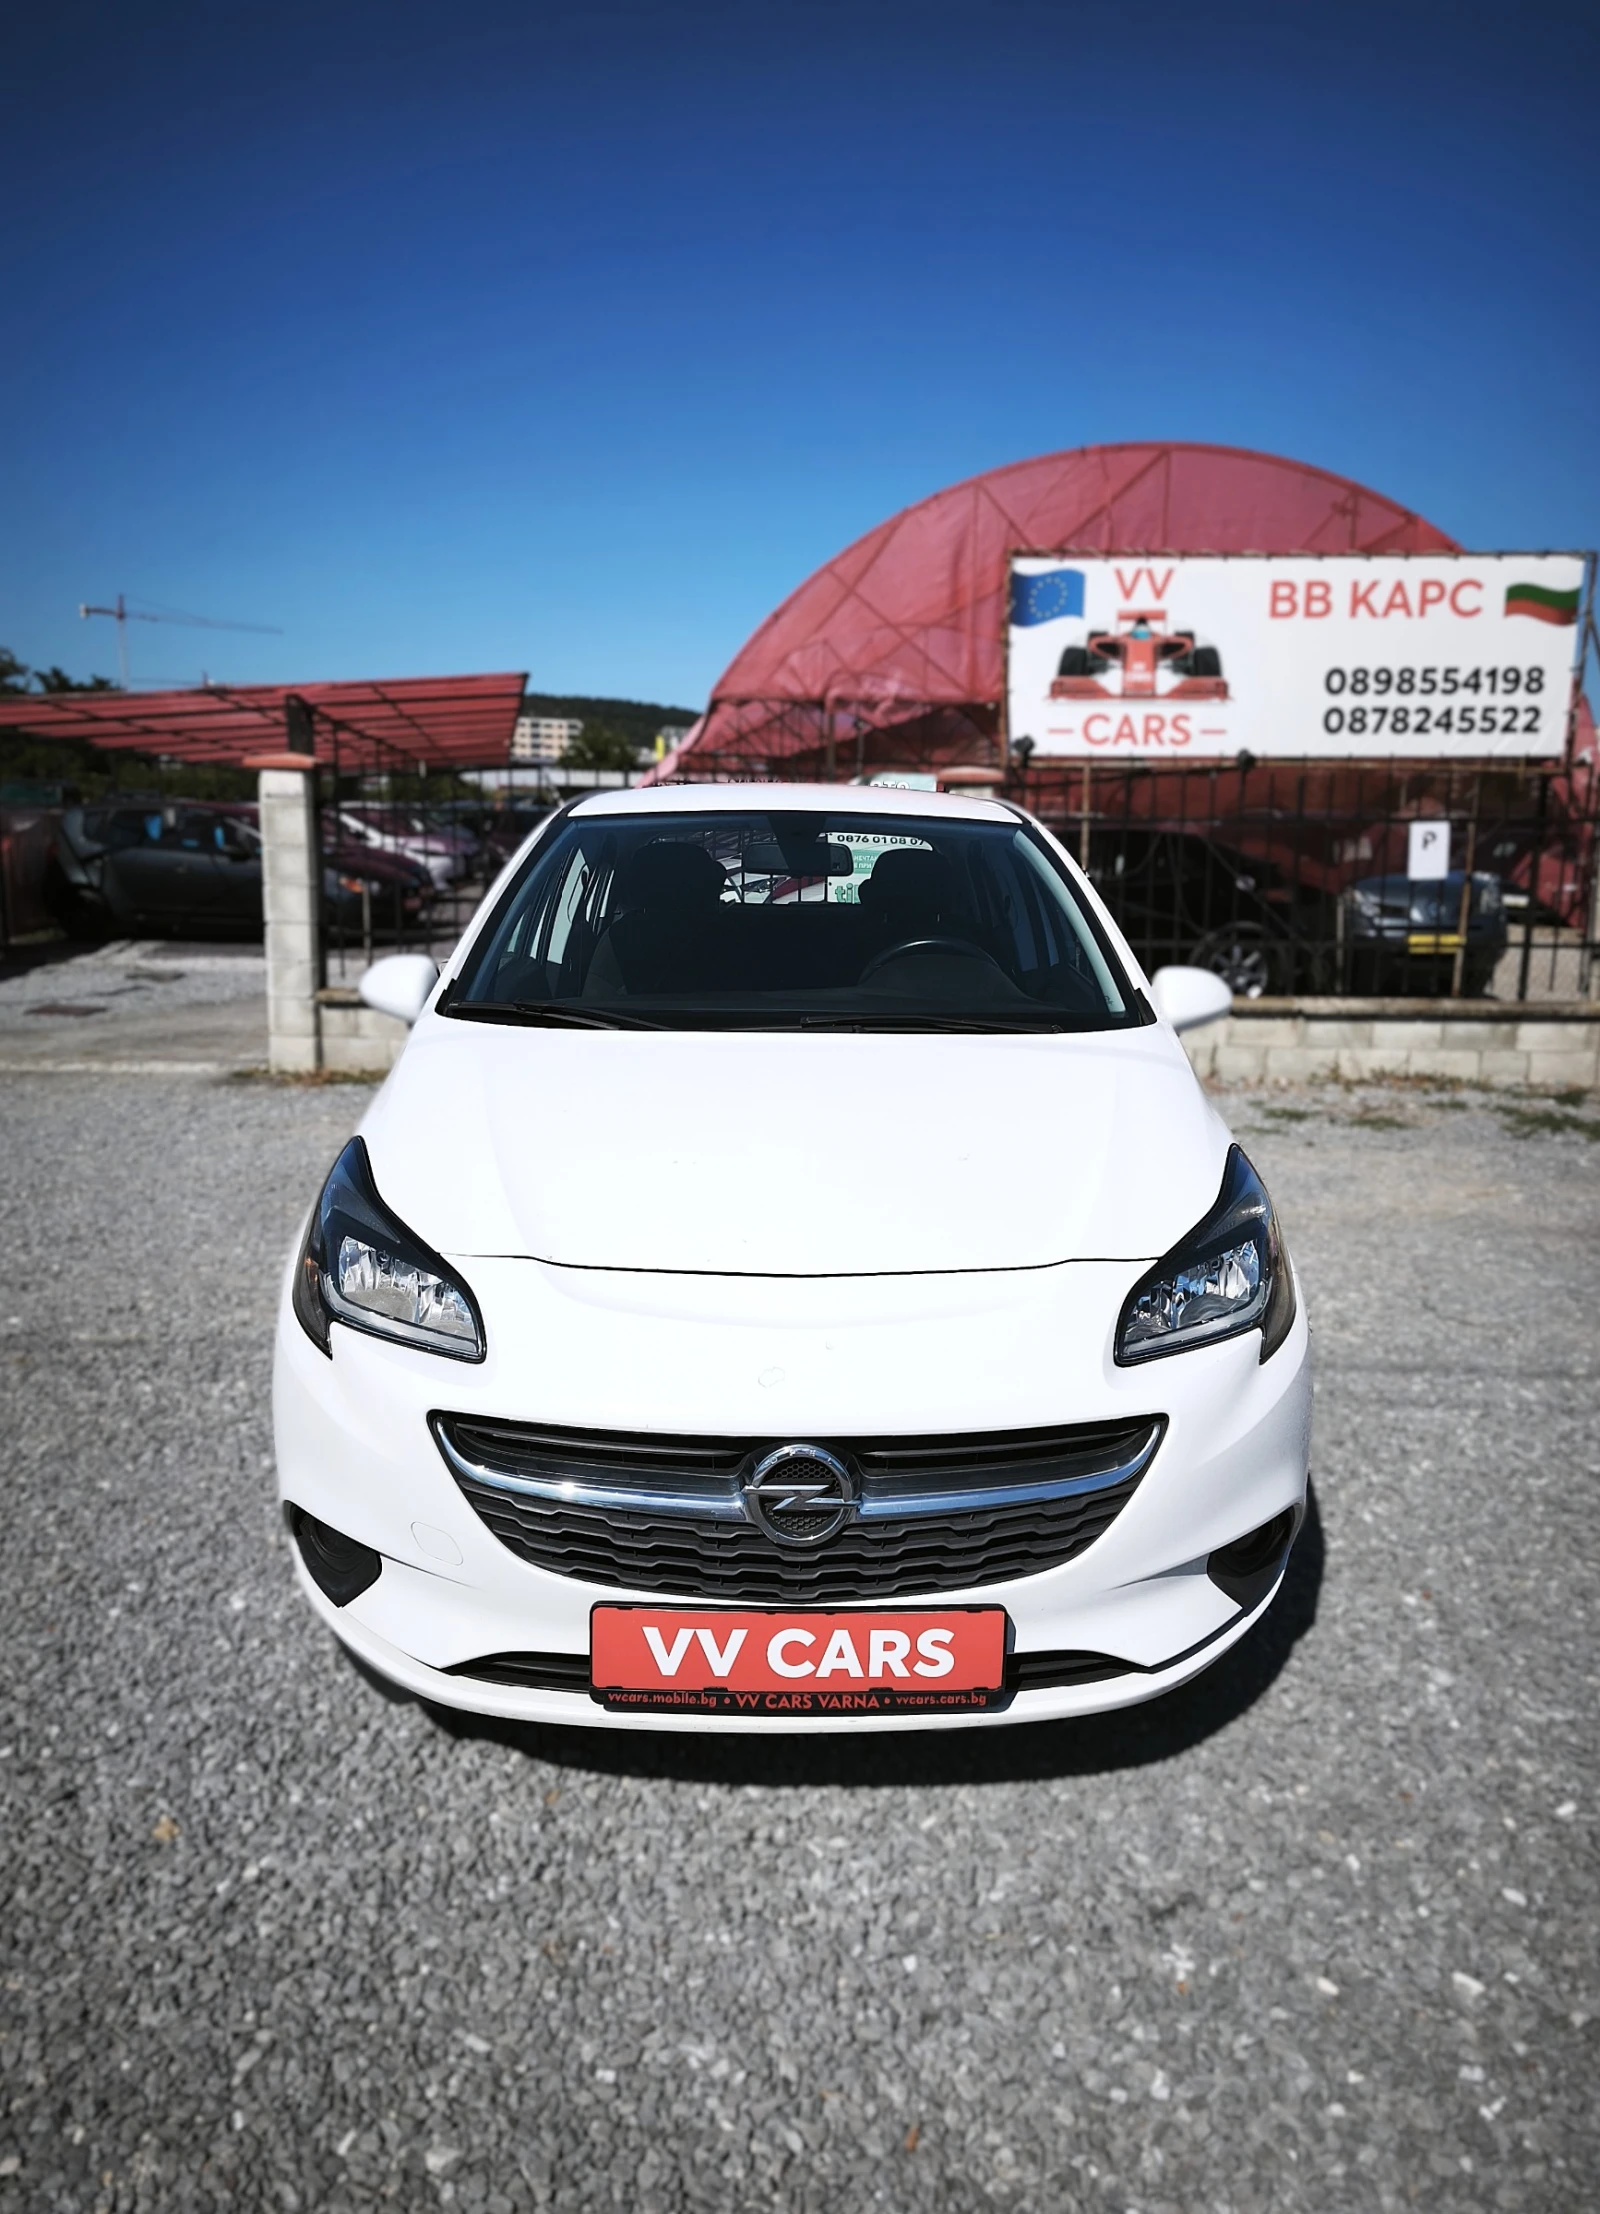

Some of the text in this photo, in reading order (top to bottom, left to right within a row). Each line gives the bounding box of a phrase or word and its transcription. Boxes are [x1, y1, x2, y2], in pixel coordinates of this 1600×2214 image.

[1115, 568, 1174, 601] VV
[1269, 579, 1484, 619] ВВ КАРС
[1325, 667, 1545, 695] 0898554198
[1081, 714, 1192, 747] CARS
[1323, 706, 1542, 734] 0878245522
[837, 834, 869, 843] 0876
[872, 836, 887, 844] 01
[890, 836, 906, 845] 08
[642, 1626, 955, 1678] VV CARS
[608, 1691, 987, 1709] vvcars.mobile.bg VV CARS VARNA vvcars.cars.bg
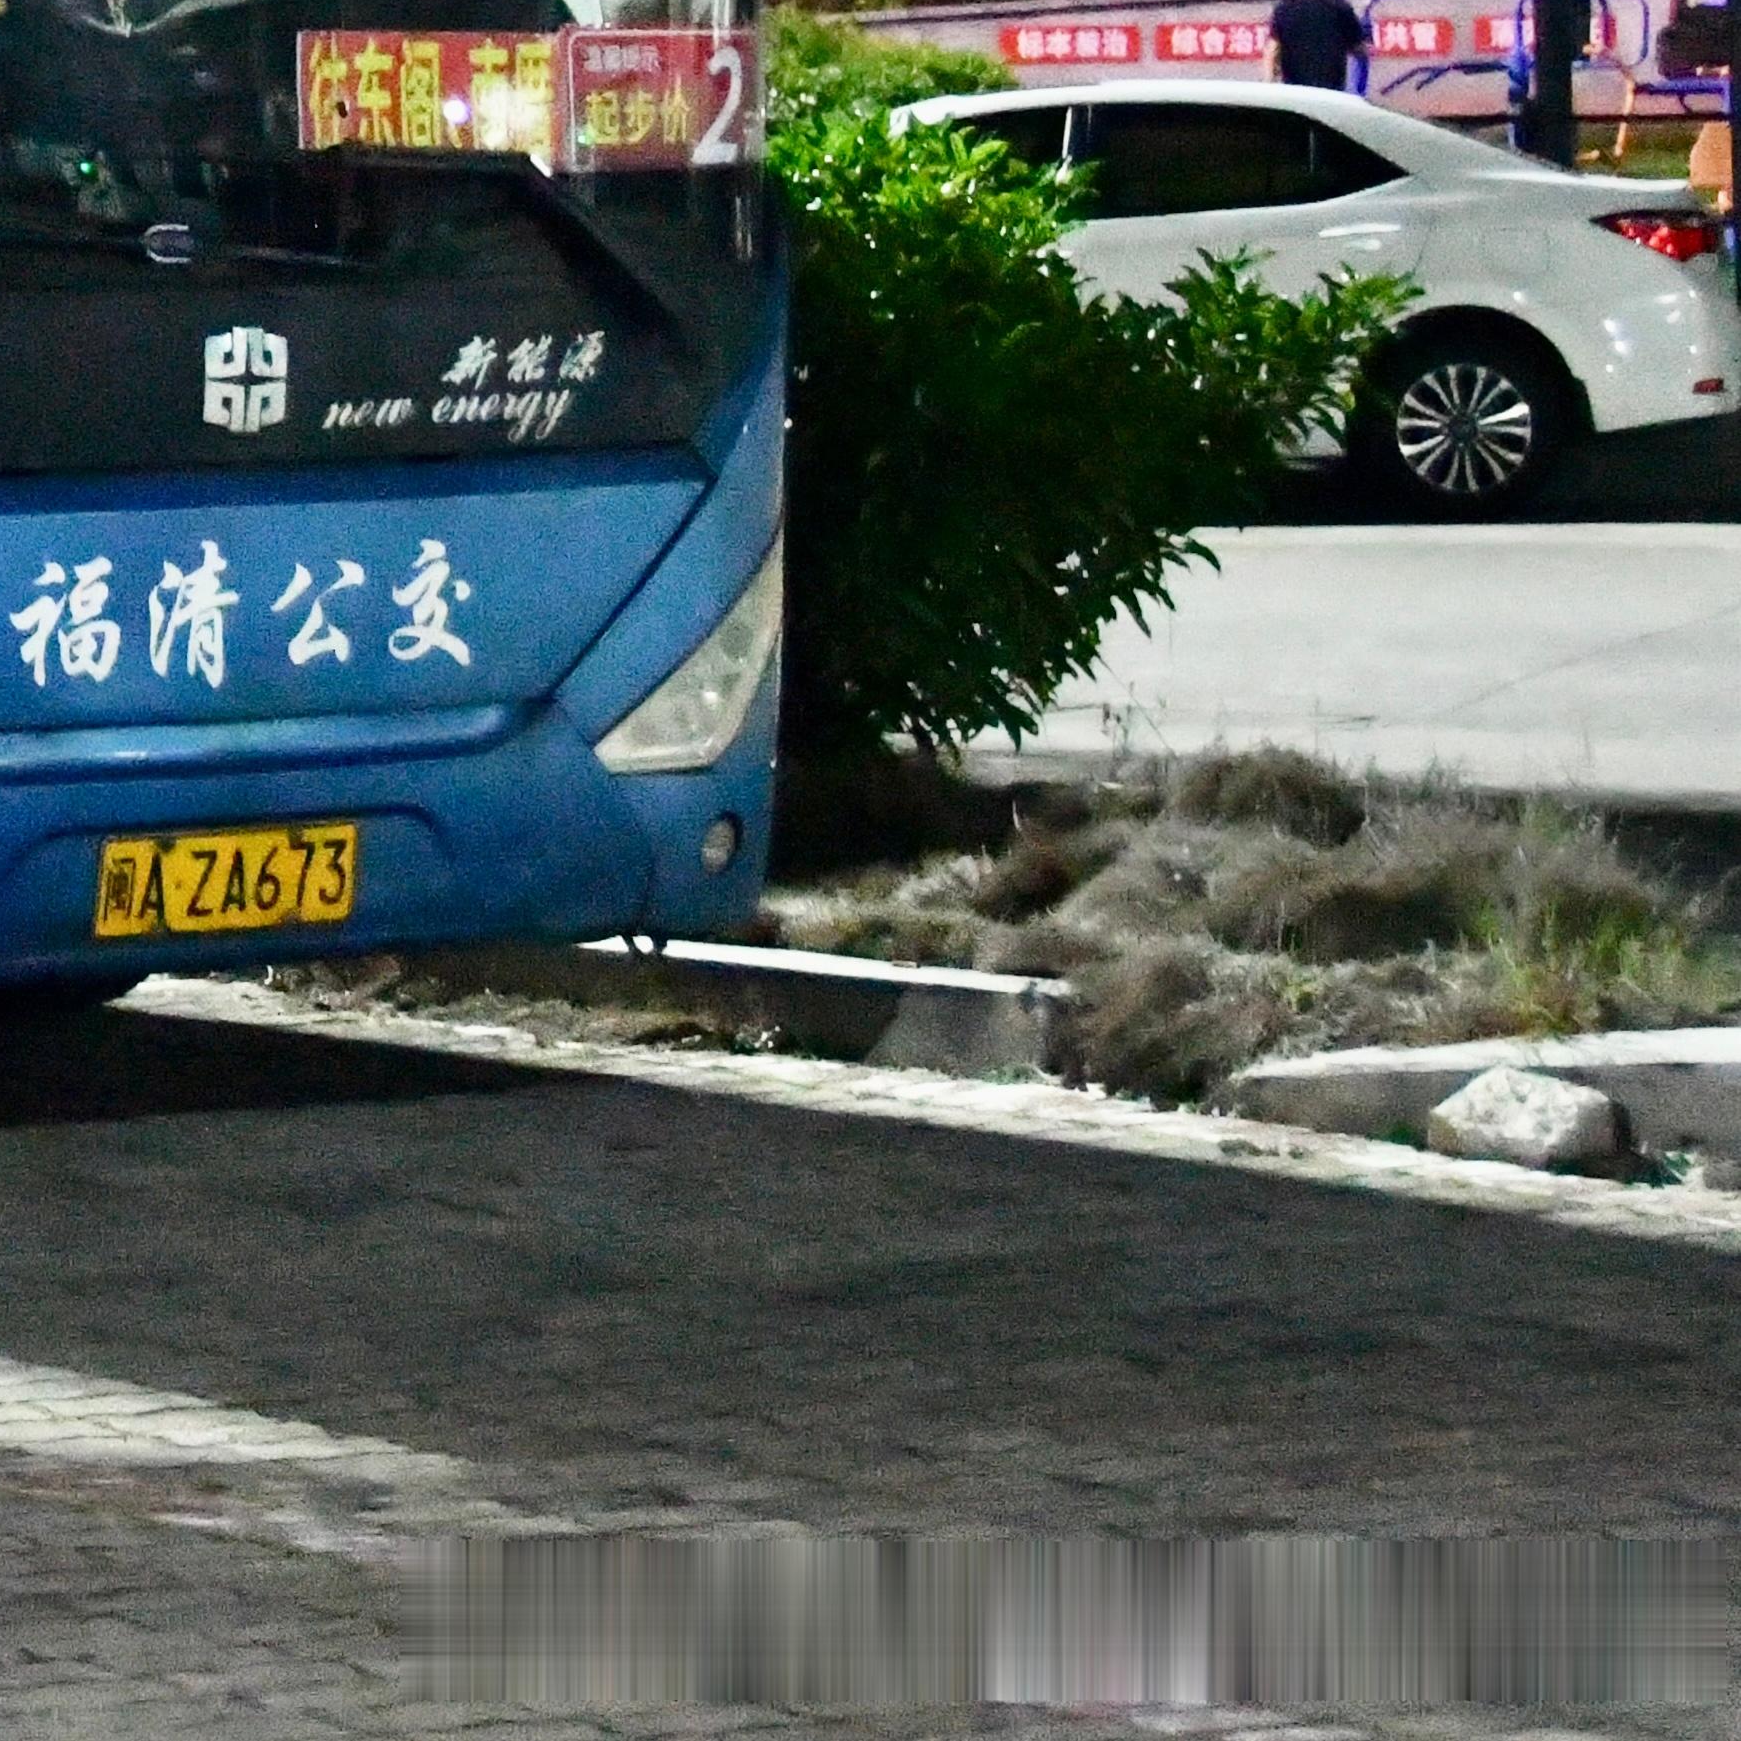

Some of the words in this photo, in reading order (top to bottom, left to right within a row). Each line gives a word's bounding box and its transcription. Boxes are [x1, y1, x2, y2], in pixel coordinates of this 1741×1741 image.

[584, 75, 690, 145] 起步价
[441, 330, 605, 390] 新能源
[322, 397, 413, 430] new
[430, 388, 571, 443] energy
[9, 538, 473, 689] 福清公交

» EXERCISE AIM:
Write out the whole listing exactly, with no pictures.

» OUTPUT OF THE EXERCISE:
Some of the text in this photo, in reading order (top to bottom, left to right within a row). Each line gives the bounding box of a phrase or word and its transcription. Boxes are [x1, y1, x2, y2], in pixel coordinates of this 1600×2214 image.

[1115, 568, 1174, 601] VV
[1269, 579, 1484, 619] ВВ КАРС
[1325, 667, 1545, 695] 0898554198
[1081, 714, 1192, 747] CARS
[1323, 706, 1542, 734] 0878245522
[837, 834, 869, 843] 0876
[872, 836, 887, 844] 01
[890, 836, 906, 845] 08
[642, 1626, 955, 1678] VV CARS
[608, 1691, 987, 1709] vvcars.mobile.bg VV CARS VARNA vvcars.cars.bg

Some of the words in this photo, in reading order (top to bottom, left to right within a row). Each line gives a word's bounding box and its transcription. Boxes are [x1, y1, x2, y2], in pixel coordinates of this 1741×1741 image.

[584, 75, 690, 145] 起步价
[441, 330, 605, 390] 新能源
[322, 397, 413, 430] new
[430, 388, 571, 443] energy
[9, 538, 473, 689] 福清公交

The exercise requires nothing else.